I stało się.  Postępująca urbanizacja Nadarzyna i Starej Wsi, stałe podnoszenie poziomu gruntów, zasypywanie naturalnych zlewni wód opadowych – oczek wodnych, stawów, zastoisk, długoletnie zaniedbania w konserwacji i rozbudowie sieci melioracyjnej.
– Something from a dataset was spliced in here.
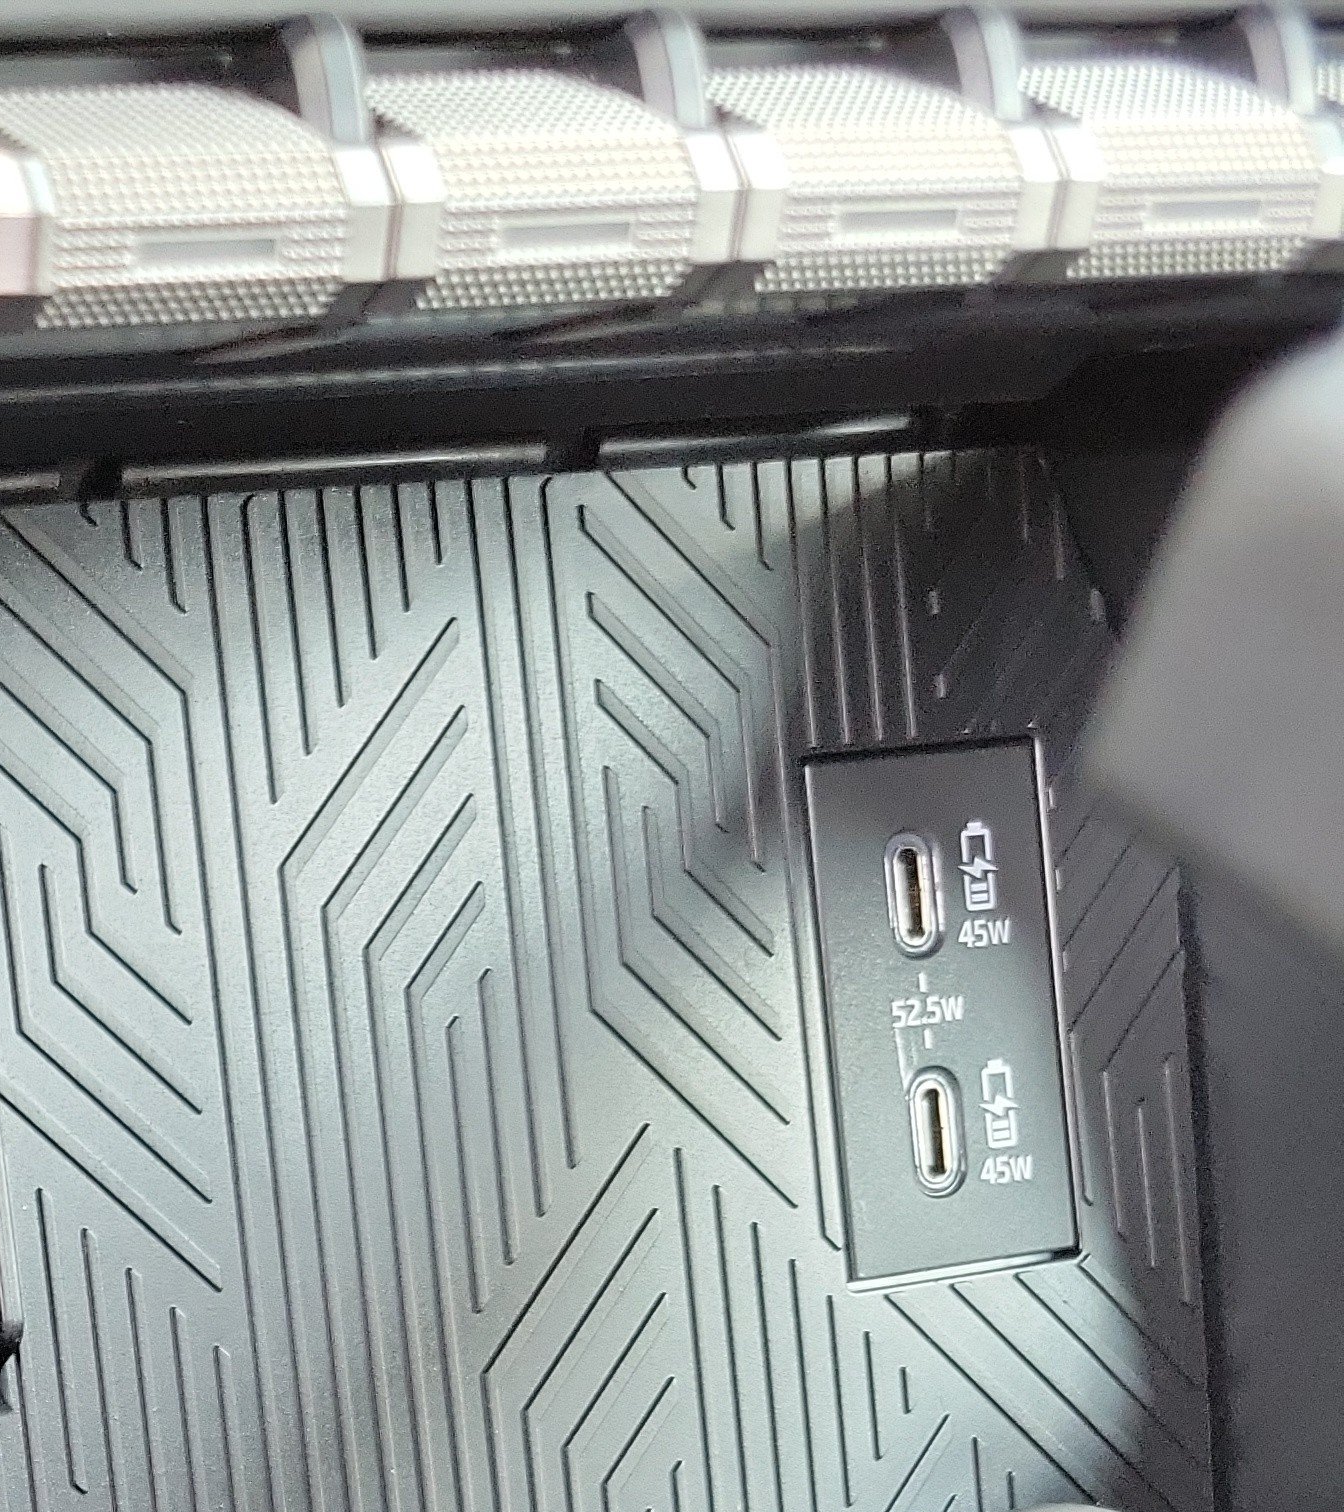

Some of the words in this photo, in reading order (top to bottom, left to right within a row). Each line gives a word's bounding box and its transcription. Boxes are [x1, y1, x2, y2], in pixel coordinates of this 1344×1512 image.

Wystąpienie na przełomie lipca i sierpnia serii niemiarodajnych – tak zwanych opadów deszczy nawalnych, doprowadziło do niekontrolowanego „wtargnięcia” wody po opadowej do naszego Młochowszczaka.

Ostatnie deszcze nawalne to opad chwilowy dochodzący do 80 mm słupa wody :
– 54 mm – 17.06.1991 r.suma opadów w ciągu doby, to był długoletni rekord opadów
-69,6 mm – 05.08.2002 r.
-74,4 mm – 05.08.2006 r.
-55,7 mm – 17.07.2009 r.
-87 mm – 06.07.2011 r.
-75 mm – 31.07.2011 r.
W pięćdziesięcioleciu 1960 – 2009 opady dobowe ponad 60 mm stanowiły niecały 1 % przypadków.

Pomimo, że w naszej okolicy występuję tradycyjne niedobory opadów – mamy ujemny deficyt wody, to nawet las nie był w stanie szybko wchłonąć takiej ilości wody.

Miejmy nadzieję, że osoby decyzyjne zwrócą uwagę na coraz częściej występujące zjawisko podtopień w naszej okolicy.